SOURCE DATA:

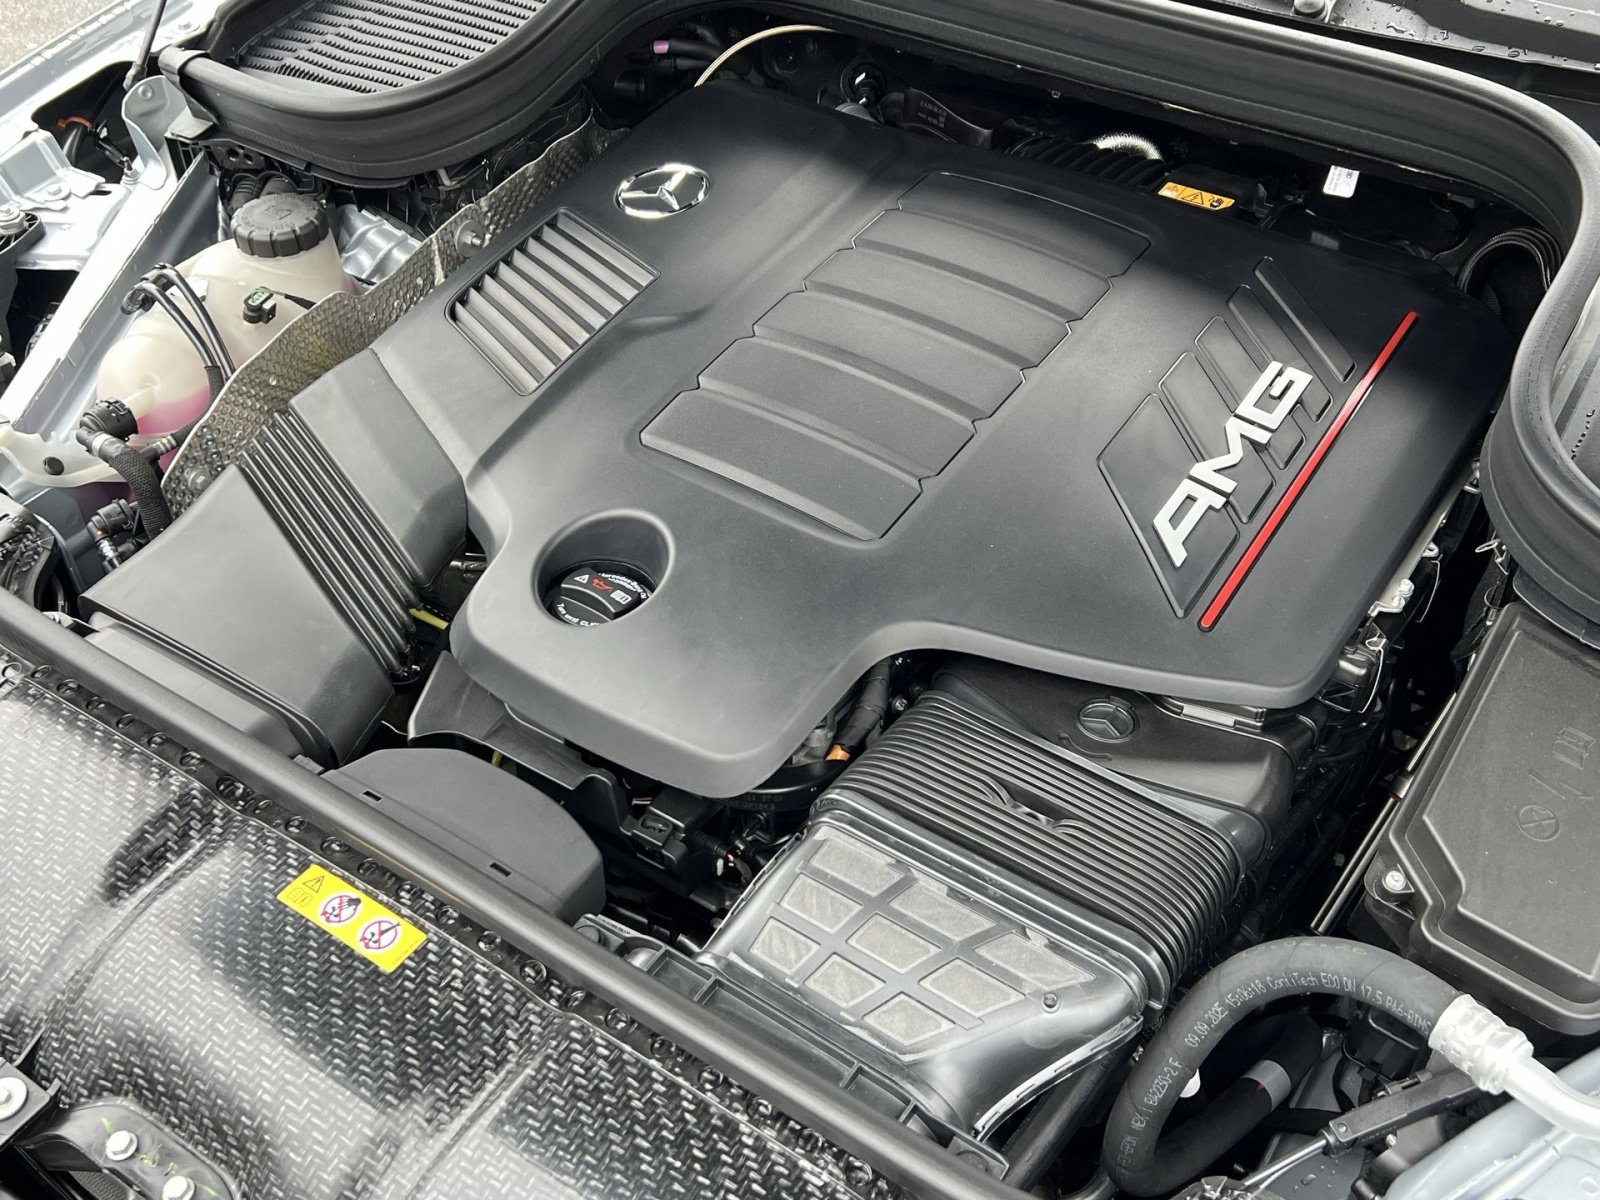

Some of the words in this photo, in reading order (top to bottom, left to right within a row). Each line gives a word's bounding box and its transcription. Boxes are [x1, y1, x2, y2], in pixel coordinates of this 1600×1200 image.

[1153, 360, 1313, 568] AMG
[1185, 1001, 1229, 1047] 09.09.2025
[1225, 979, 1267, 1008] 15:06:18
[1266, 972, 1319, 991] ContiTech
[1361, 983, 1383, 1005] 17.5

DIRECTIONS FOR THIS TASK:
Please restate each entry exactly, but drop any picture it holds.

SOLUTION:
Some of the words in this photo, in reading order (top to bottom, left to right within a row). Each line gives a word's bounding box and its transcription. Boxes are [x1, y1, x2, y2], in pixel coordinates of this 1600×1200 image.

[1153, 360, 1313, 568] AMG
[1185, 1001, 1229, 1047] 09.09.2025
[1225, 979, 1267, 1008] 15:06:18
[1266, 972, 1319, 991] ContiTech
[1361, 983, 1383, 1005] 17.5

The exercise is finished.